Muhammad Yasir Khan, CEO of Strive, reflected on the grim reality faced by SMA patients in the past. He recalled a time when children diagnosed with SMA often succumbed to the disease due to the absence of effective treatments. “Although recent medical advancements have revolutionized the treatment landscape, many children still lose their lives because of inadequate support systems and the failure to incorporate SMA care into the national healthcare framework,” he lamented. Khan also noted that while some patients have shown promising improvements after receiving treatment, others have tragically died when financial constraints forced the discontinuation of therapy.
In a significant development, Khyber Pakhtunkhwa’s Health Minister Khaliq Ur Rehman pledged the provincial government’s unwavering support for SMA patients. He highlighted the role of the Sehat Card programme, which provides financial assistance for medical treatments, and announced that the government has allocated special grants to help patients who cannot afford costly therapies. Moreover, the minister revealed plans to collaborate with Strive to formulate a comprehensive strategy aimed at integrating SMA care into the provincial healthcare system. This initiative will focus on ensuring timely diagnosis, improving treatment accessibility, and establishing sustainable funding mechanisms.
Clinician and researcher Dr. Gul-e-Sehar emphasized the ongoing challenges related to awareness and diagnosis of SMA. She pointed out that knowledge about the disorder remains limited, even among healthcare professionals, which contributes to delayed or missed diagnoses. Dr. Sehar stressed the importance of training general physicians to recognize early symptoms of SMA and promptly refer patients for genetic testing, a step that could significantly enhance patient outcomes.

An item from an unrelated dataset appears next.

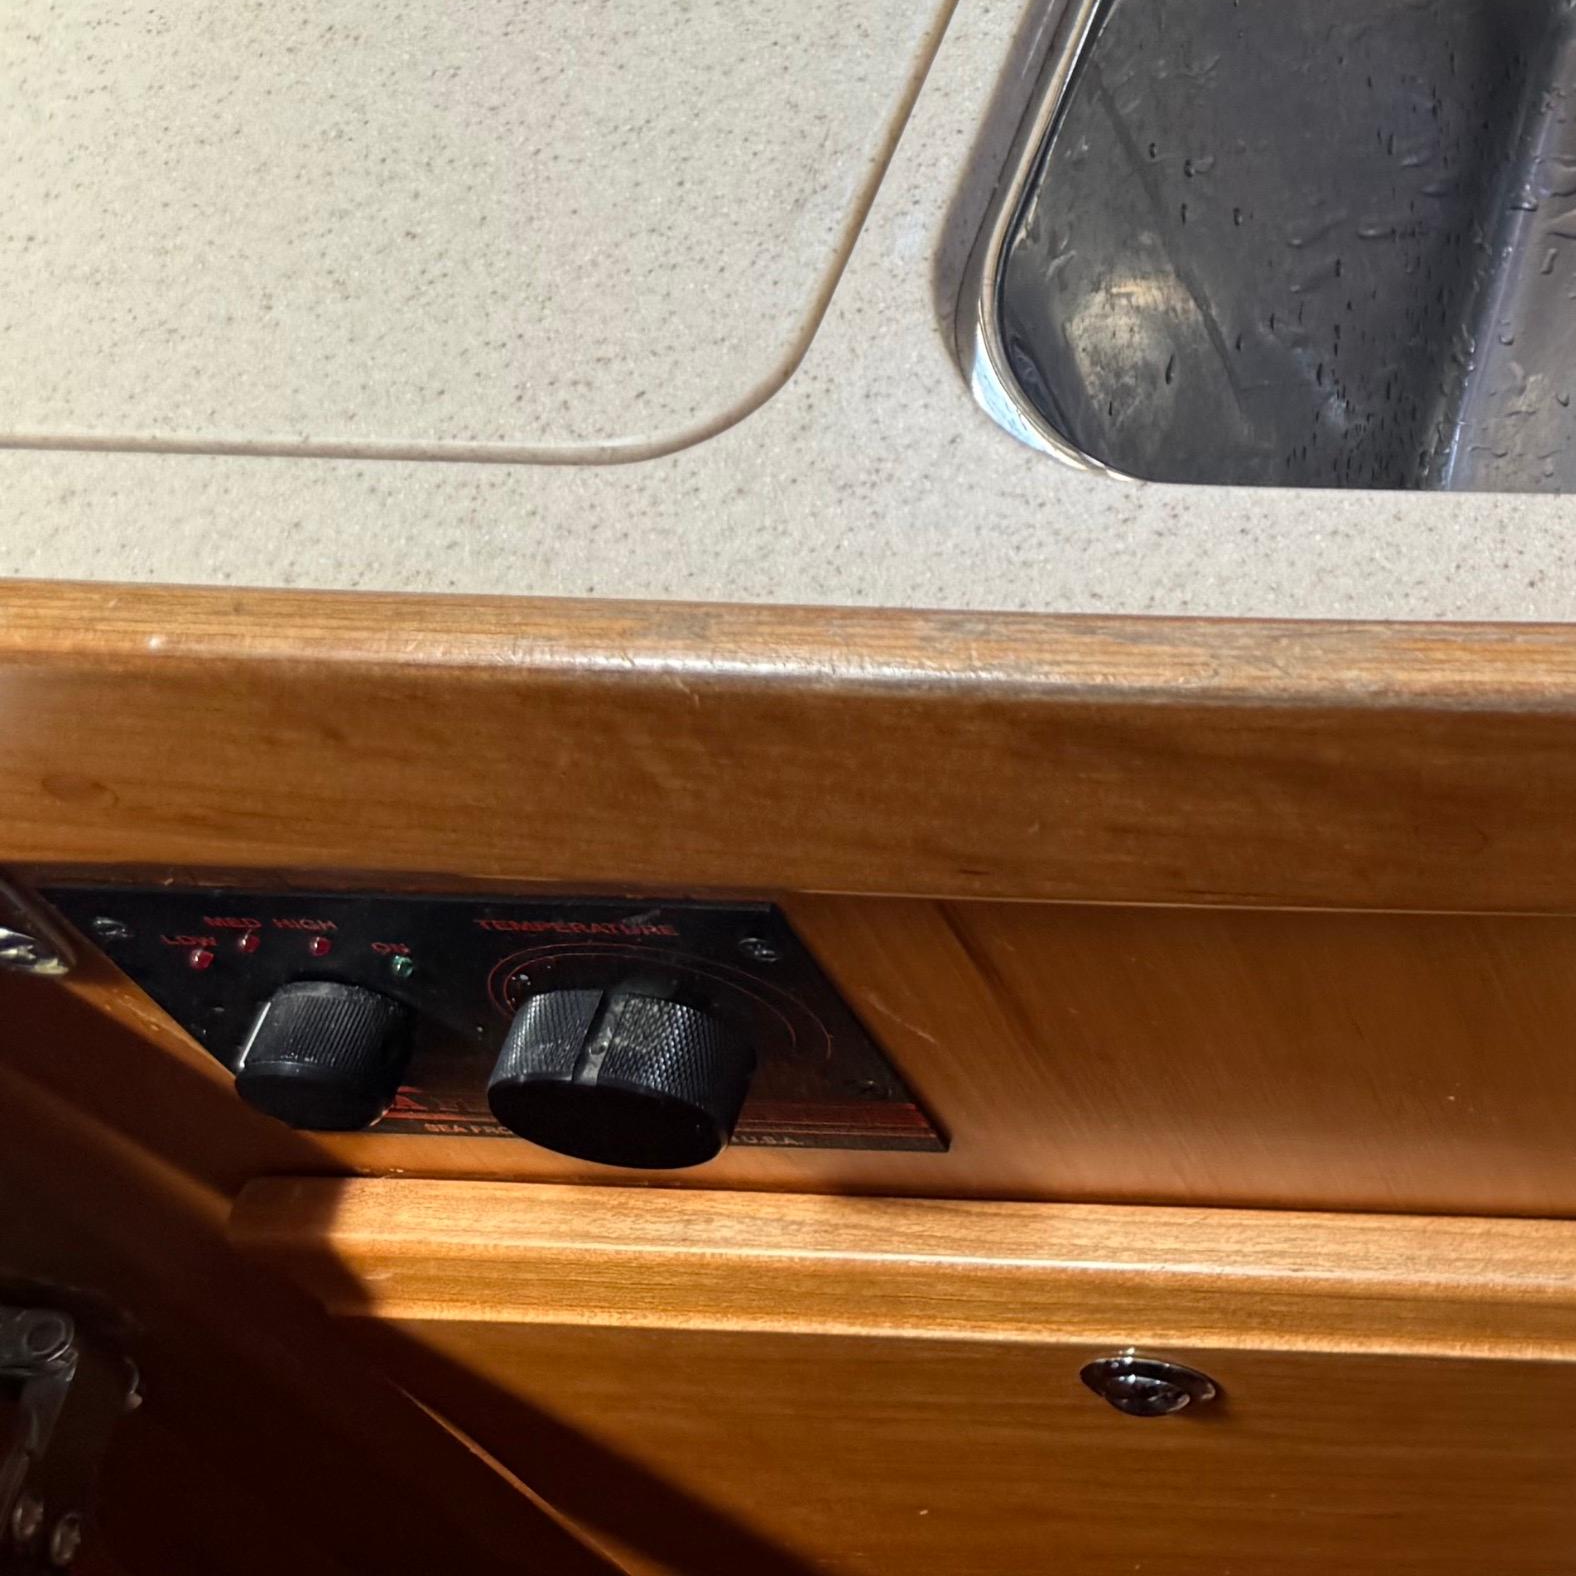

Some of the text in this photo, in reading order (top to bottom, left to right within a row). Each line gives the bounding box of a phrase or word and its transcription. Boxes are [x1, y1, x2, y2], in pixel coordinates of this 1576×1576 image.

[203, 915, 262, 930] MED
[272, 918, 337, 931] HIGH
[473, 919, 680, 936] TEMPERATURE
[160, 934, 217, 947] LOW

Adding to the discussion, Dr. Waseem Ur Rehman, a pediatric neurologist at Shifa International Hospital in Islamabad, highlighted the critical importance of early diagnosis. He explained that the loss of motor neurons caused by SMA is irreversible, making timely detection and intervention essential to preserving motor function, improving clinical results, and slowing disease progression. Similarly, Dr. Athar Khalily, a pediatric neurologist at Northwest Hospital in Peshawar, pointed out that many SMA cases remain undiagnosed or are misdiagnosed due to the high cost and limited availability of genetic testing. He also noted that the lack of routine carrier screening and insufficient awareness contribute to preventable fatalities among children.

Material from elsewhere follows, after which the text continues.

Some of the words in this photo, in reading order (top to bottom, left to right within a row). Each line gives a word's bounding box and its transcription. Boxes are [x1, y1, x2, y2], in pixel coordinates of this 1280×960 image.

SMA is a rare but severe genetic disorder that weakens muscles by affecting the motor neurons responsible for movement control. It predominantly impacts infants and young children and ranks among the leading genetic causes of infant mortality worldwide. The severity of symptoms varies, with Type 1 SMA being the most critical form, characterized by profound muscle weakness, respiratory difficulties, and a high risk of death before the age of two.

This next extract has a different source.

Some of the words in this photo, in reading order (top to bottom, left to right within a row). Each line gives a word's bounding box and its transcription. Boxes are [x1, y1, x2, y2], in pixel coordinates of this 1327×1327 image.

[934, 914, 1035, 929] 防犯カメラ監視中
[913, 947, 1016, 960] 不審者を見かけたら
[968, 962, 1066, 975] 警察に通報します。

Since 2016, several FDA-approved treatments have emerged that can slow the progression of SMA, enhance muscle function, and extend patients’ lives, particularly when therapy begins early. However, in Pakistan, these treatments remain prohibitively expensive, even when partial subsidies are available, limiting their reach to many families in need. The event concluded with a strong call for coordinated efforts to reform healthcare policies, increase funding, and raise awareness to ensure that SMA patients receive the care and support they desperately require.